**Problem description**
Please return every entry below exactly as written, without any of its pictures.

Material for this exercise Block Start

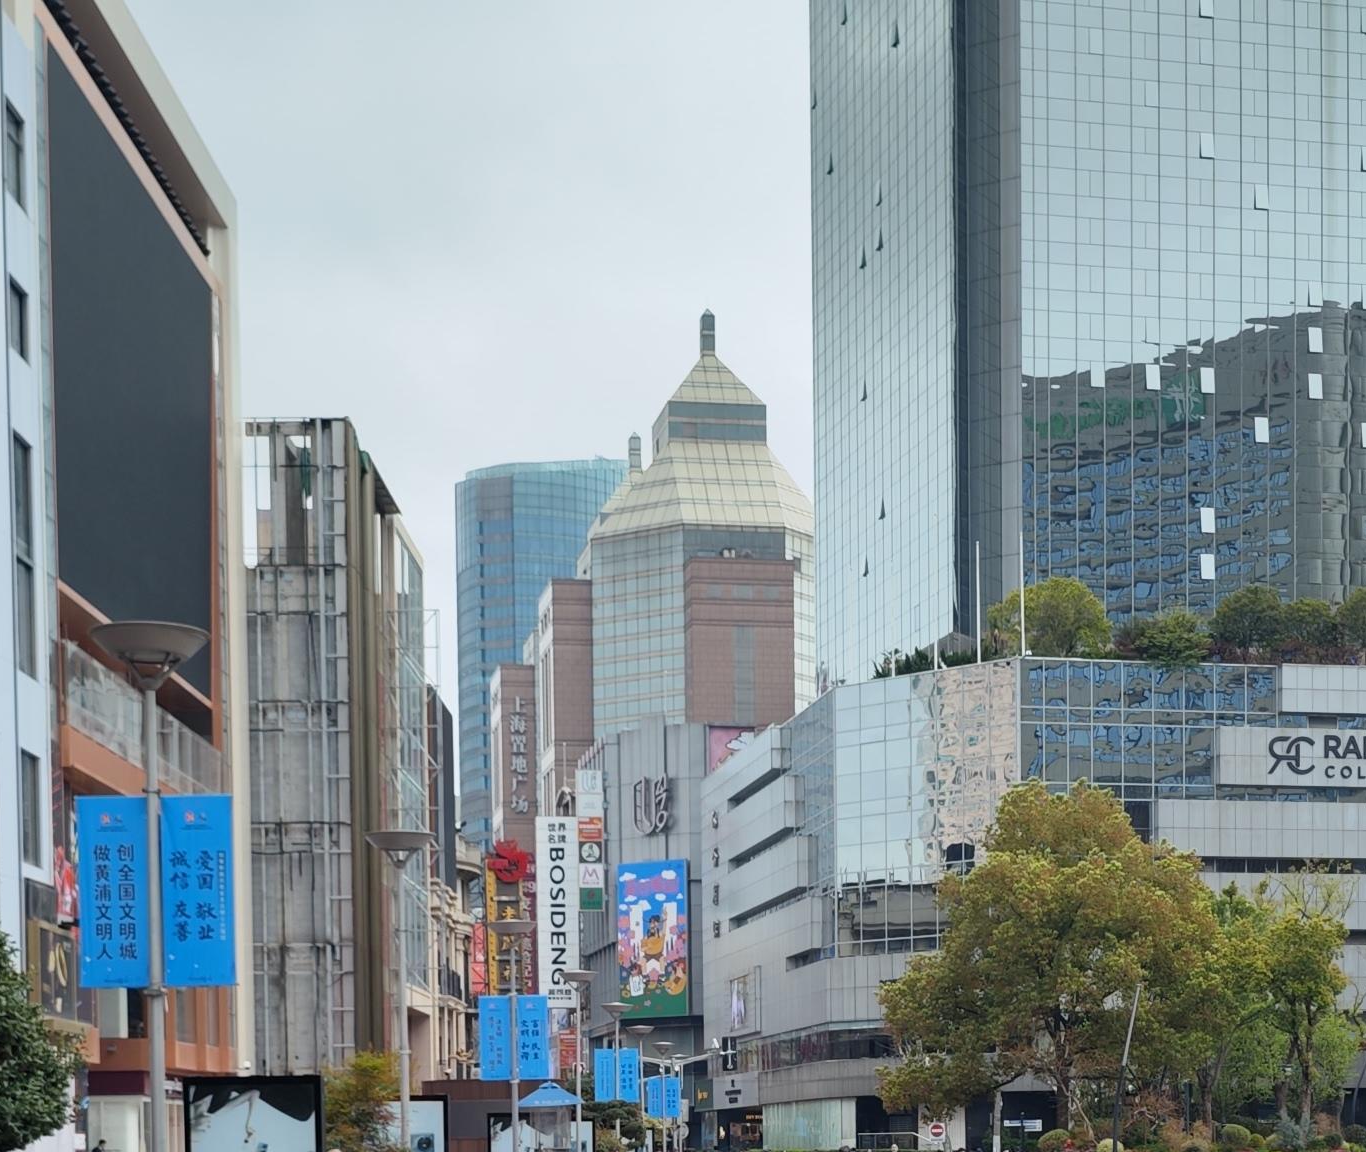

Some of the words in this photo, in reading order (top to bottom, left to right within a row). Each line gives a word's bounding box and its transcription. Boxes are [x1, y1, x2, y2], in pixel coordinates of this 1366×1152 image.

[94, 845, 113, 960] 做黄浦文明人
[117, 845, 137, 960] 创全国文明城
[550, 848, 567, 985] BOSIDENG
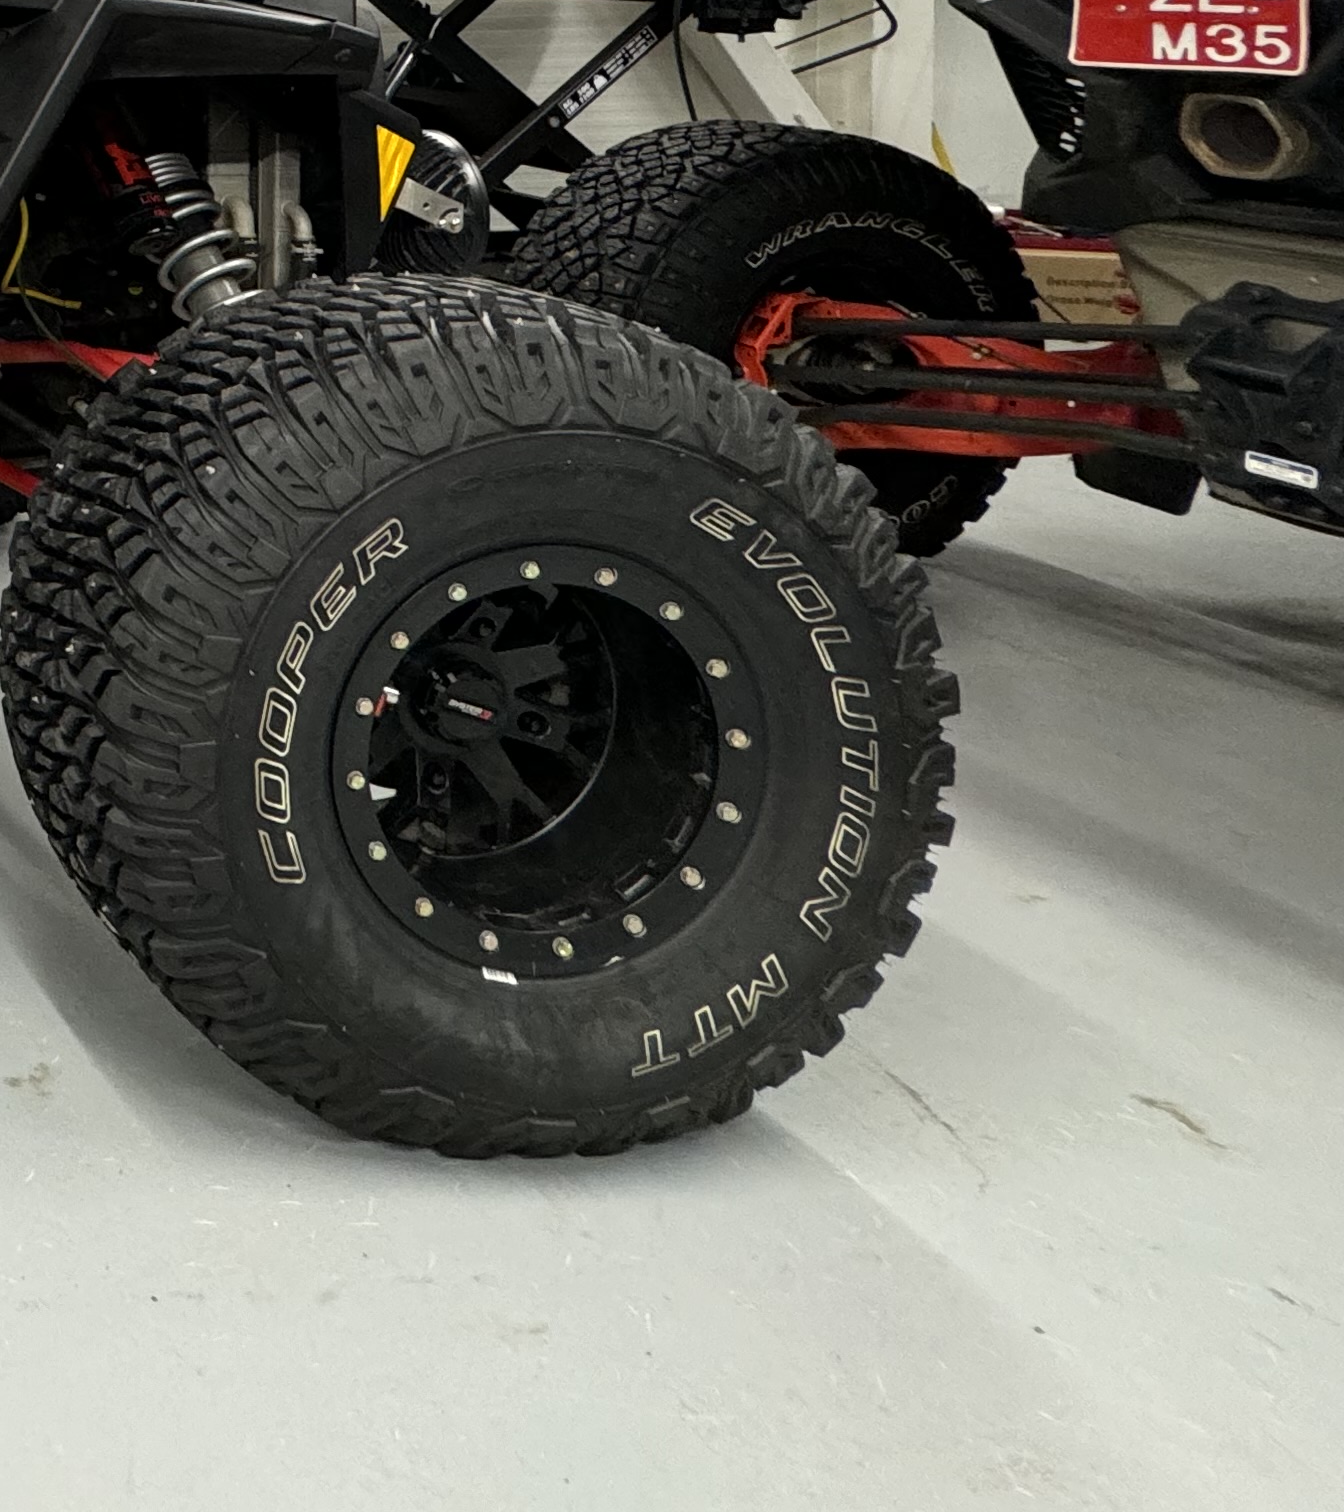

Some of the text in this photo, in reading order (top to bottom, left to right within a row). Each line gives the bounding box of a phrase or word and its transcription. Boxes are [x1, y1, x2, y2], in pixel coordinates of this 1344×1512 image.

[1151, 21, 1292, 66] M35
[744, 211, 996, 313] WRANGLER
[254, 516, 411, 886] COOPER
[630, 496, 882, 1078] EVOLUTION MTT
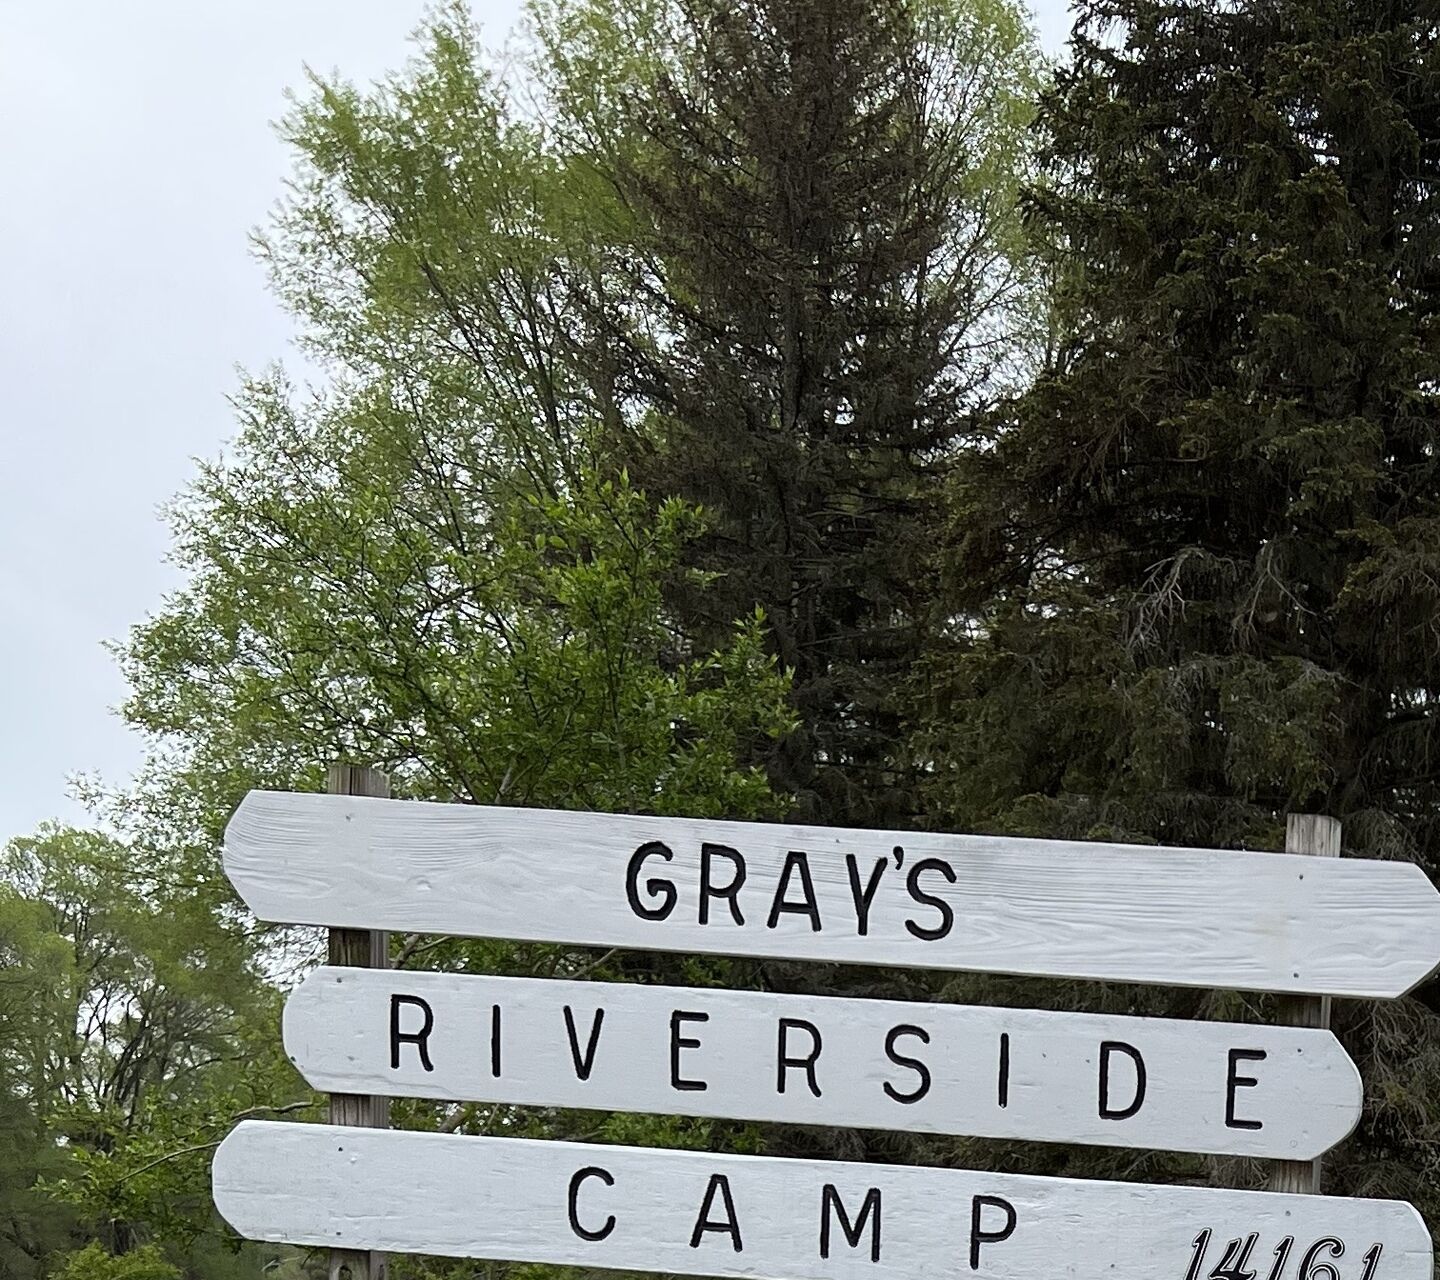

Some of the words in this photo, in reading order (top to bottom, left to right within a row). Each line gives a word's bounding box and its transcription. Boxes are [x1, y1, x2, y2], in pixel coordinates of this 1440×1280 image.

[626, 841, 957, 941] GRAY'S
[389, 994, 1268, 1130] RIVERSIDE
[567, 1166, 1017, 1270] CAMP
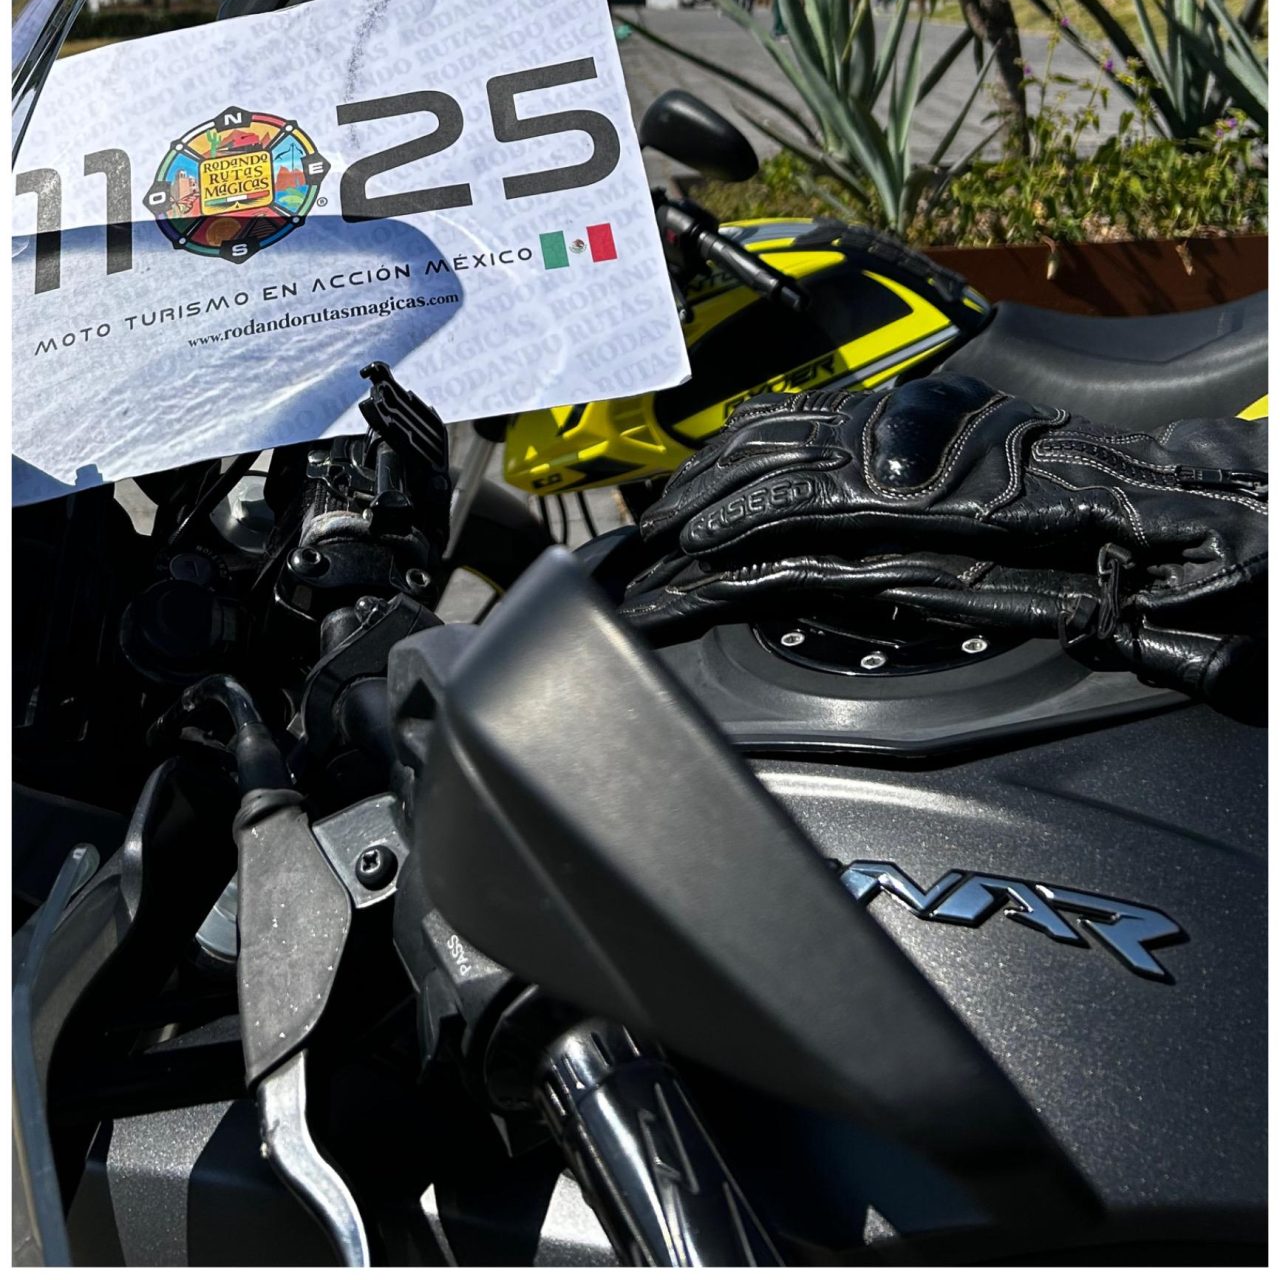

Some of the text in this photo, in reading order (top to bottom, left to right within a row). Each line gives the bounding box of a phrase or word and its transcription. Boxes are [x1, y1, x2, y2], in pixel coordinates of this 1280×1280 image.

Material for this exercise Block End

**Written reply**
Some of the words in this photo, in reading order (top to bottom, left to right within a row). Each line gives a word's bounding box and its transcription. Boxes are [x1, y1, x2, y2], in pixel coordinates of this 1366×1152 image.

[94, 845, 113, 960] 做黄浦文明人
[117, 845, 137, 960] 创全国文明城
[550, 848, 567, 985] BOSIDENG

Some of the text in this photo, in reading order (top to bottom, left to right within a row). Each line gives the bounding box of a phrase or word and its transcription. Boxes are [x1, y1, x2, y2], in pixel coordinates of this 1344×1512 image.

[1151, 21, 1292, 66] M35
[744, 211, 996, 313] WRANGLER
[254, 516, 411, 886] COOPER
[630, 496, 882, 1078] EVOLUTION MTT

Some of the words in this photo, in reading order (top to bottom, left to right within a row). Each line gives a word's bounding box and its transcription. Boxes are [x1, y1, x2, y2], in pixel coordinates of this 1440×1280 image.

[626, 841, 957, 941] GRAY'S
[389, 994, 1268, 1130] RIVERSIDE
[567, 1166, 1017, 1270] CAMP

Some of the text in this photo, in reading order (top to bottom, left to right within a row). Each line gives the bounding box of a phrase or word and its transcription. Boxes are [x1, y1, x2, y2], in pixel coordinates of this 1280×1280 image.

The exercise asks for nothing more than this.